# [WORK REQUIRED]
Reproduce exactly the lines from the line containing "this 1970×979 image." through the end of the records below, including both ends, and nothing else.

# [PROVIDED MATERIAL]
□ □ □ □ □
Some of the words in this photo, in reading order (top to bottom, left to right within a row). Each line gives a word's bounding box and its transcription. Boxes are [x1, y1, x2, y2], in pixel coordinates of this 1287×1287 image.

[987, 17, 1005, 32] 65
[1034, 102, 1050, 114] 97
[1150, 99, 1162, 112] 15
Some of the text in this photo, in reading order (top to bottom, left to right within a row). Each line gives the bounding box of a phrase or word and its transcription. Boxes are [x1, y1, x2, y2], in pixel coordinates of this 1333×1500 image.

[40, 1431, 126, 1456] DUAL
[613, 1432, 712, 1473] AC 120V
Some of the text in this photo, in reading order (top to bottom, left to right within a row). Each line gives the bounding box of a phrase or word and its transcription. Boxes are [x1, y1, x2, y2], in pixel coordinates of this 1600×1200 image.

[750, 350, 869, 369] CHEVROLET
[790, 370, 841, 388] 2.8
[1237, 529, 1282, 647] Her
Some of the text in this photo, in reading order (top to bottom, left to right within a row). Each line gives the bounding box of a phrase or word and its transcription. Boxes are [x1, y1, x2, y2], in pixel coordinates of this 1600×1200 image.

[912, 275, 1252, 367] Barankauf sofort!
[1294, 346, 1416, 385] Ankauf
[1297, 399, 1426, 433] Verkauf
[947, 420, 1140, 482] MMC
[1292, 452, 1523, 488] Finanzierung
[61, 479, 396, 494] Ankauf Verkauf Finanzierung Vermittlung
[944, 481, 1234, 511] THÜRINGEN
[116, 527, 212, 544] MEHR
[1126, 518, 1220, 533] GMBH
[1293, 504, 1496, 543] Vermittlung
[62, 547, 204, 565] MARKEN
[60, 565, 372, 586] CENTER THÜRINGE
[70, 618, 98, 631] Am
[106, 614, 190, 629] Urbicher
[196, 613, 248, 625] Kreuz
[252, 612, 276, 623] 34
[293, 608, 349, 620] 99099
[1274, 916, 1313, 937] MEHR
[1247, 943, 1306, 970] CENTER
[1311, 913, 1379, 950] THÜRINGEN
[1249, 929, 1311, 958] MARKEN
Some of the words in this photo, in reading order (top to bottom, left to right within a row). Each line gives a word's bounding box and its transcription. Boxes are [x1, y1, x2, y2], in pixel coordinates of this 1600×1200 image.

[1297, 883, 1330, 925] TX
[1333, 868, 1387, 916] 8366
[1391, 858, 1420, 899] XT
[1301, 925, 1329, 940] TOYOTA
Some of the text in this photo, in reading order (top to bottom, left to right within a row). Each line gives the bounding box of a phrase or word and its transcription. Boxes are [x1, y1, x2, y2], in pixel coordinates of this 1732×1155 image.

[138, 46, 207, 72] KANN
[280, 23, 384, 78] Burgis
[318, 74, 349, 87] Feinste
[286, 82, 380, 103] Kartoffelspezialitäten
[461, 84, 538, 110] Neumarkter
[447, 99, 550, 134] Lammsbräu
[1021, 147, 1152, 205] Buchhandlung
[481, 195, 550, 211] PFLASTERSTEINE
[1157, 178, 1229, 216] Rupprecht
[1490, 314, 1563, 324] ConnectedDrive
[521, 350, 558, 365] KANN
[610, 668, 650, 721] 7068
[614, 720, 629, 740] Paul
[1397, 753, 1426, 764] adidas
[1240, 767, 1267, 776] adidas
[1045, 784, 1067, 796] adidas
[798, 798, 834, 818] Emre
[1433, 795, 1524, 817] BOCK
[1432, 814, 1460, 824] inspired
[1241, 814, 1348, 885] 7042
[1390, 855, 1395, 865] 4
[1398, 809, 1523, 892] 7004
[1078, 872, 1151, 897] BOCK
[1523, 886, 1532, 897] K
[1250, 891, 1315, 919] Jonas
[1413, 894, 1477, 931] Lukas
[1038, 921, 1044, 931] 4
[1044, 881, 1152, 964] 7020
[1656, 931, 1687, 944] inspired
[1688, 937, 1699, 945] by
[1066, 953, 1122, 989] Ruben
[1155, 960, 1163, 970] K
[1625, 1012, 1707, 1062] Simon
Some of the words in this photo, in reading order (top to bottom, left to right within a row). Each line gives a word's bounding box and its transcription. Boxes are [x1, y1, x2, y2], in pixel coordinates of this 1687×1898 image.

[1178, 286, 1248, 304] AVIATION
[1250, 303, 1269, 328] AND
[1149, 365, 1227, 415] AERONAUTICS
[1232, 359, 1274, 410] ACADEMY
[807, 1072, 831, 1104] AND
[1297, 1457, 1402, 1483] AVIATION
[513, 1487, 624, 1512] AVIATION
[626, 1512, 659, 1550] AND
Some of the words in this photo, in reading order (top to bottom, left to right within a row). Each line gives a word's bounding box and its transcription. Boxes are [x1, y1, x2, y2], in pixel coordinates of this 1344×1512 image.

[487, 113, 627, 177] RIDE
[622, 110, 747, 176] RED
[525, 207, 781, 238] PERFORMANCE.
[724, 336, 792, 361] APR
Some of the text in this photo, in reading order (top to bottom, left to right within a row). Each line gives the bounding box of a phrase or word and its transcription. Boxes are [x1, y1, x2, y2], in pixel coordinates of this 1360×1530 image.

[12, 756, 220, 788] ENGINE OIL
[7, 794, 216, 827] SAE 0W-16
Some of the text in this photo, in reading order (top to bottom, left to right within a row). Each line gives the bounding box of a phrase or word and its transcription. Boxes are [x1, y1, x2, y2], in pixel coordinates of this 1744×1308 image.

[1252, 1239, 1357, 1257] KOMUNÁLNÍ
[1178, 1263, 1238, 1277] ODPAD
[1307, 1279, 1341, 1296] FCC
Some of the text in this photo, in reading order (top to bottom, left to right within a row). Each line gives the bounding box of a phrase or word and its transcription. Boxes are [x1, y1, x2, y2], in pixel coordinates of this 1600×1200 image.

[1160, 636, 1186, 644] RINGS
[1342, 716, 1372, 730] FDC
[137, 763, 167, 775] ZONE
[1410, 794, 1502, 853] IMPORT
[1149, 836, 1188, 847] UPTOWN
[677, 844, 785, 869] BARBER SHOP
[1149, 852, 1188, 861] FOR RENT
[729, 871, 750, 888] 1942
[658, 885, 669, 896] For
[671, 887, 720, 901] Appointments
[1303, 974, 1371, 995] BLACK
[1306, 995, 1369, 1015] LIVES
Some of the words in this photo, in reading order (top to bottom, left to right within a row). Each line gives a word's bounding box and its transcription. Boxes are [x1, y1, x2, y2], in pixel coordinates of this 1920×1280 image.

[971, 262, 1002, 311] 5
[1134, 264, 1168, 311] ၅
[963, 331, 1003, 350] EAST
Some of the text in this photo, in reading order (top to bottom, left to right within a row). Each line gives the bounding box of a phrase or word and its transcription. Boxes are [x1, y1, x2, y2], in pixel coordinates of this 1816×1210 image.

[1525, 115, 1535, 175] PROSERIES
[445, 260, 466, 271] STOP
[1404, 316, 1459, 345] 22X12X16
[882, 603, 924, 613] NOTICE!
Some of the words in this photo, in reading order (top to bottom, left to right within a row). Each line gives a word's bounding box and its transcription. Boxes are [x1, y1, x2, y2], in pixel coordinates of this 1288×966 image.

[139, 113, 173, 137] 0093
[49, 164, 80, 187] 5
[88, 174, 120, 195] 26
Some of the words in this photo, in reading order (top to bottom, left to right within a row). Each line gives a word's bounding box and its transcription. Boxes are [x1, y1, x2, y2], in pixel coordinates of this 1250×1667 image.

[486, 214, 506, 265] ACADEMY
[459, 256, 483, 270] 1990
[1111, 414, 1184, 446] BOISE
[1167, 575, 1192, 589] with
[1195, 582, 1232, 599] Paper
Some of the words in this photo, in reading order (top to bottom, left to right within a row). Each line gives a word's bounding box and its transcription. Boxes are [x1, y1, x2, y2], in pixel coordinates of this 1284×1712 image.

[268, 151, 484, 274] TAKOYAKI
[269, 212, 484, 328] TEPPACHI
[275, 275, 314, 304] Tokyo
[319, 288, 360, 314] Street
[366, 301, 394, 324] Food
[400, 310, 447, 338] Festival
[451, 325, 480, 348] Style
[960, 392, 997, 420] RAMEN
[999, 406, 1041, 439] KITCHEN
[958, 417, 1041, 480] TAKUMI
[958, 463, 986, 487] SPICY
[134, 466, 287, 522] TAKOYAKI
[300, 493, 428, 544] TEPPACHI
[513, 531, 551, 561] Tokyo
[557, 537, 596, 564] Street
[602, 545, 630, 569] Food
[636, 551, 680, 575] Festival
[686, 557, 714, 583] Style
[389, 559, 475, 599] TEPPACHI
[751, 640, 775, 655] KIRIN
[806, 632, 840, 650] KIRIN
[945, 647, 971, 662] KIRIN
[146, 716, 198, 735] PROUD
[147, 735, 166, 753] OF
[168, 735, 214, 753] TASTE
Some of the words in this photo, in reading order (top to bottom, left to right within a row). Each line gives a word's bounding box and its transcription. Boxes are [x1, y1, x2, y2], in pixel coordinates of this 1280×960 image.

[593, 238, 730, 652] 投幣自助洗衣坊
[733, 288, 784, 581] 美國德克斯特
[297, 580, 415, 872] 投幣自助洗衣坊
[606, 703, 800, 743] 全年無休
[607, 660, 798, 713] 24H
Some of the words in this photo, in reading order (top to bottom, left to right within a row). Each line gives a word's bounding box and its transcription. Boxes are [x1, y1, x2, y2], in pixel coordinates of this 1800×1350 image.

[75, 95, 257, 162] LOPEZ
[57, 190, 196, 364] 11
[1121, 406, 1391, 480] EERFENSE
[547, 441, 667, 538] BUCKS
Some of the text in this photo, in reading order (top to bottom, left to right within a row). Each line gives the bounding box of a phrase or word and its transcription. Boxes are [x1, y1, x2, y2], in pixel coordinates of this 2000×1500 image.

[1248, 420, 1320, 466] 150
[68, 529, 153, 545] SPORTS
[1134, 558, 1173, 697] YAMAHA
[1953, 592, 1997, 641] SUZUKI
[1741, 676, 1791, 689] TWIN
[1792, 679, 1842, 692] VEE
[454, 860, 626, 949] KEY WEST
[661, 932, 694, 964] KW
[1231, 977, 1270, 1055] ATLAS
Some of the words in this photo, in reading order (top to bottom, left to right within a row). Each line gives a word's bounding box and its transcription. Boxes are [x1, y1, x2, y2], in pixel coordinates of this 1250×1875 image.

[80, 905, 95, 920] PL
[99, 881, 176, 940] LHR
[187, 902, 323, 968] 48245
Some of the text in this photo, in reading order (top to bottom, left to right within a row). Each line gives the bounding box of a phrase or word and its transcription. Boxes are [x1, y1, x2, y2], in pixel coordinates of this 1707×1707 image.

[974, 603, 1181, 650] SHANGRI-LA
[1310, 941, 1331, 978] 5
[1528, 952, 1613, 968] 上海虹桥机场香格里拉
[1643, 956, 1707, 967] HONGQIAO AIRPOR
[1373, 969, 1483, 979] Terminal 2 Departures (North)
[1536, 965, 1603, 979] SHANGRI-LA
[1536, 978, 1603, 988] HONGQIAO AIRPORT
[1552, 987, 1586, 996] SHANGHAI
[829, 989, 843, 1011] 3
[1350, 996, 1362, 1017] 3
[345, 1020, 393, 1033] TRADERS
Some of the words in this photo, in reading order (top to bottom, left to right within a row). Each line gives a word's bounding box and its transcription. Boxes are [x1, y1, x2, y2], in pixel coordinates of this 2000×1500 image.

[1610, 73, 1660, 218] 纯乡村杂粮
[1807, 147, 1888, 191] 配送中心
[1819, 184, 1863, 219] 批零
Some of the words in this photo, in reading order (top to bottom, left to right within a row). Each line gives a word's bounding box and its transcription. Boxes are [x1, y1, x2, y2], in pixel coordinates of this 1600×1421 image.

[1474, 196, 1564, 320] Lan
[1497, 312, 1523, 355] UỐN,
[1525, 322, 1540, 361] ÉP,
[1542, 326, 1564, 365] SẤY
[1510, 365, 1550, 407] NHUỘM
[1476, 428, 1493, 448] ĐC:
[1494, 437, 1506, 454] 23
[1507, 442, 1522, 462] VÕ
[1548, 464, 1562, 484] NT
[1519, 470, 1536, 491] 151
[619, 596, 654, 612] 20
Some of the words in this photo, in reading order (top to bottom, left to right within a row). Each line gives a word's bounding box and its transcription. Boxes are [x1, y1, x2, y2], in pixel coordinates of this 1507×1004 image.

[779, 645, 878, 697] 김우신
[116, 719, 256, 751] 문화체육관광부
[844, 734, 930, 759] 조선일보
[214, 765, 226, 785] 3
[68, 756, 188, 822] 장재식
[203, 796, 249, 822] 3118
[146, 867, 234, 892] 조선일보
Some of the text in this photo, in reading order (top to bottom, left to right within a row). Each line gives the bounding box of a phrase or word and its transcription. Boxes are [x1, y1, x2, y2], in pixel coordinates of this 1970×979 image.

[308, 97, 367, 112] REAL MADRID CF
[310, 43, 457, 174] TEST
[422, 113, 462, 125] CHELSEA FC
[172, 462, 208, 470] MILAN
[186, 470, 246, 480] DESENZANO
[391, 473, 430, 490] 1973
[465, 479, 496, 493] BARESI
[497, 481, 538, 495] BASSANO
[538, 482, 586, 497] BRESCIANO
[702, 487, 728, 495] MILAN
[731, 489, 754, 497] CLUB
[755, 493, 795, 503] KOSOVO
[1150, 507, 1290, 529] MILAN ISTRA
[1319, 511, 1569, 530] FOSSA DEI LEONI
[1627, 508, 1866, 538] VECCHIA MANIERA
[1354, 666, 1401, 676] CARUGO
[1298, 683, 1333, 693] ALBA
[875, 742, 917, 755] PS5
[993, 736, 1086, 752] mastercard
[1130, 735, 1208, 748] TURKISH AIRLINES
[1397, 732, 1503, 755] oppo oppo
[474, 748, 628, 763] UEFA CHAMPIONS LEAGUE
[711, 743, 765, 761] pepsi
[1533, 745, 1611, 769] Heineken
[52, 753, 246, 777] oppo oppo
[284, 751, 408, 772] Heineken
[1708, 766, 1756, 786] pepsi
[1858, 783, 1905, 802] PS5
□ □ □ □ □
# [SOLUTION FOR THIS EXERCISE]
Some of the text in this photo, in reading order (top to bottom, left to right within a row). Each line gives the bounding box of a phrase or word and its transcription. Boxes are [x1, y1, x2, y2], in pixel coordinates of this 1970×979 image.

[308, 97, 367, 112] REAL MADRID CF
[310, 43, 457, 174] TEST
[422, 113, 462, 125] CHELSEA FC
[172, 462, 208, 470] MILAN
[186, 470, 246, 480] DESENZANO
[391, 473, 430, 490] 1973
[465, 479, 496, 493] BARESI
[497, 481, 538, 495] BASSANO
[538, 482, 586, 497] BRESCIANO
[702, 487, 728, 495] MILAN
[731, 489, 754, 497] CLUB
[755, 493, 795, 503] KOSOVO
[1150, 507, 1290, 529] MILAN ISTRA
[1319, 511, 1569, 530] FOSSA DEI LEONI
[1627, 508, 1866, 538] VECCHIA MANIERA
[1354, 666, 1401, 676] CARUGO
[1298, 683, 1333, 693] ALBA
[875, 742, 917, 755] PS5
[993, 736, 1086, 752] mastercard
[1130, 735, 1208, 748] TURKISH AIRLINES
[1397, 732, 1503, 755] oppo oppo
[474, 748, 628, 763] UEFA CHAMPIONS LEAGUE
[711, 743, 765, 761] pepsi
[1533, 745, 1611, 769] Heineken
[52, 753, 246, 777] oppo oppo
[284, 751, 408, 772] Heineken
[1708, 766, 1756, 786] pepsi
[1858, 783, 1905, 802] PS5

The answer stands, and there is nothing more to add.